Returning from a breakfast buffet that included the sliced and cooked flesh of cows and pigs, I turned on the TV and saw an ad for “Real milk vs almond milk,” which featured a child in a spelling bee contest attempting to spell the word “lecithin,” an emulsifier used in some commercial almond milks. Another child then easily spelled the word “milk”, which was defined on screen as “milk, n., like, from a cow.”
I suppose it’s good news that the dairy industry is feeling threatened enough by the sales of non-dairy beverages to spend advertising time and money taking them on. But it has always irritated me to hear milk stolen from forcibly-impregnated cows (and goats) described as “real,” while liquid blended and strained from water and nuts, soybeans, or other plants is considered, at best, an “alternative.”

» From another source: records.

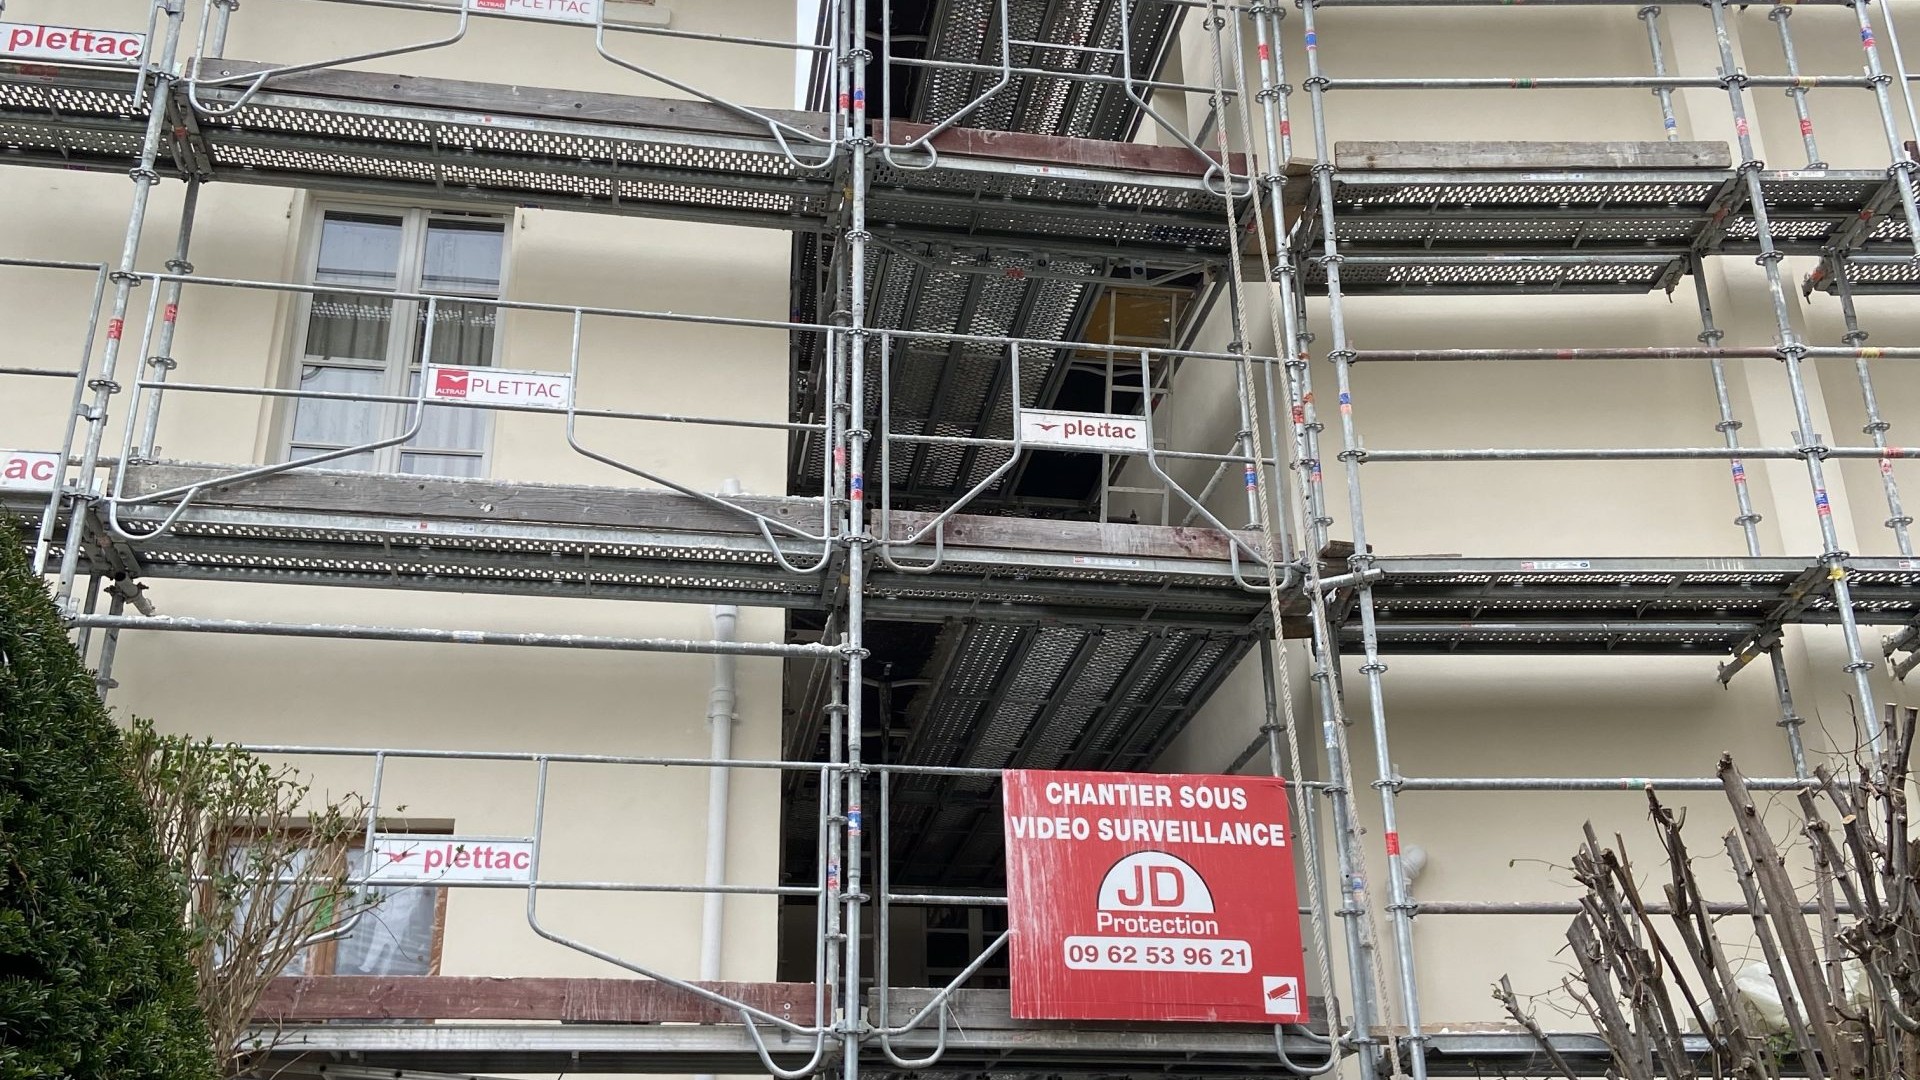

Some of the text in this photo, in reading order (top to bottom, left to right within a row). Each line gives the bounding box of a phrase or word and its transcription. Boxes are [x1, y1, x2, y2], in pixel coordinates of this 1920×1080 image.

[8, 25, 140, 56] plettac
[436, 387, 466, 396] ALTRAD
[471, 378, 561, 398] PLETTAC
[1064, 419, 1137, 439] plettac
[1045, 782, 1248, 810] CHANTIER SOUS
[1011, 816, 1286, 847] VIDEO SURVEILLANCE
[423, 844, 531, 874] plettac
[1117, 865, 1185, 907] JD
[1096, 912, 1219, 936] Protection
[1069, 945, 1246, 967] 09 62 53 96 21

Ziggy and I make soy and nut milks at home with water and soy/nuts only, and when we do buy commercial non-dairy milks, we seek out brands with no additives. Cow’s milk sold in the USA, in contrast, is hardly ever free of additives; by the time it hits store shelves, it has been pasteurized and processed to add vitamins (which we can get directly from plants and sunshine), and may contain traces of growth hormone and antibiotics. Perhaps the child at the “ingredient spelling bee” should have been asked to spell “penicillin.”

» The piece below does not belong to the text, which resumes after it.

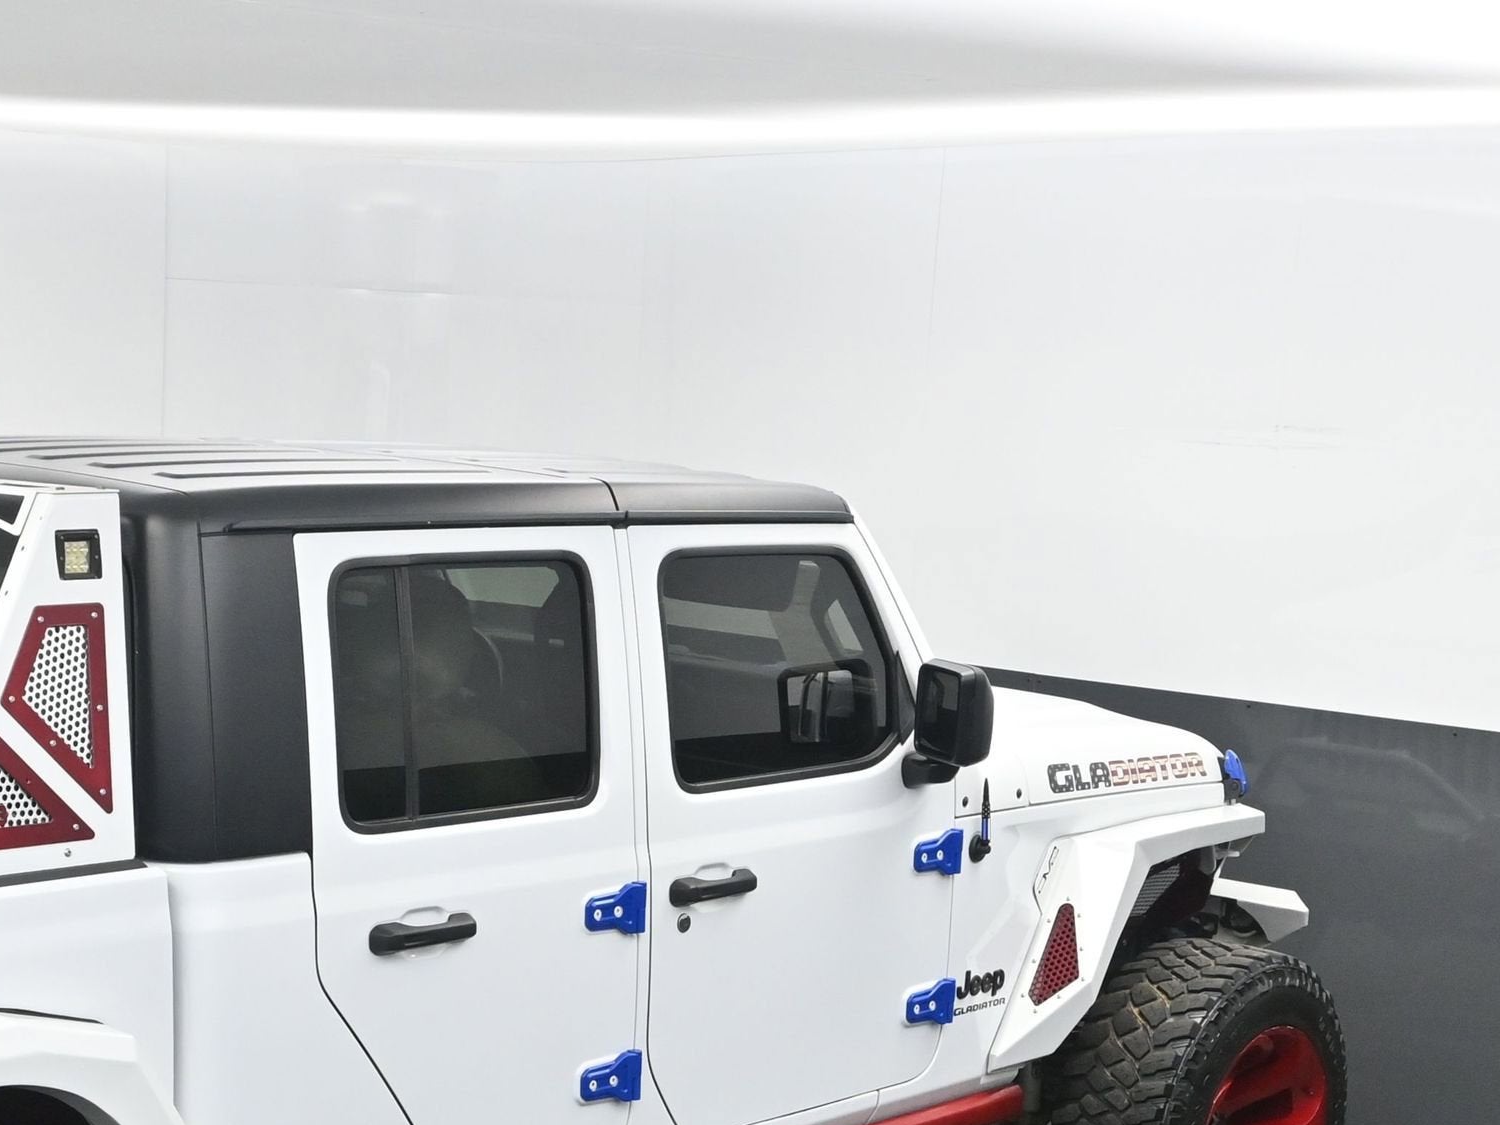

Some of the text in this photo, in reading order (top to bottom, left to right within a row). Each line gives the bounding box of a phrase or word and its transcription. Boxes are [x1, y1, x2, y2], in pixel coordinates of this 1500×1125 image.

[1047, 752, 1207, 794] GLADIATOR
[956, 968, 1005, 1000] Jeep
[953, 997, 1006, 1017] GLADIATOR

I heard “real milk” referred to again when we went to lunch at one of Seattle’s many all-vegan restaurants (Plum Bistro, highly recommended). A customer at a table near ours asked the waitperson if they had “real milk” or “just” soy milk. It reminded me of a time a friend insisted that “vegan ice cream” made no sense, because cream had to come from a cow. I wish people would refer to animal milk products as “dairy” instead of stigmatizing plant-based foods as somehow illegitimate.
As I wrote in the DxE blog back when I was active with that group, the idea that cow’s milk is a normal and appropriate substance for humans to consume is a Eurocentric notion that ignores the fact that the majority of people on Earth—primarily people of color—cannot digest lactose properly after infancy. Of all animal products, I’m convinced that cow’s milk is the worst for both human and non-human animals (other than the baby cows it is meant for), in terms of health as well as ethics. Dairy farming involves terrible suffering and death, even on organic, “free-range,” and so-called “humane” farms. This is a large part of why I avoid advocating for vegetarianism, “Meatless Mondays,” or anything else that implies that eating “meat” is the primary problem with animal agriculture.
Let’s stop thinking of non-dairy milks as “alternatives” to or “substitutes” for animal milks, and just recognize them as another option in the vegan grocery cart. Plants are as real as real food gets.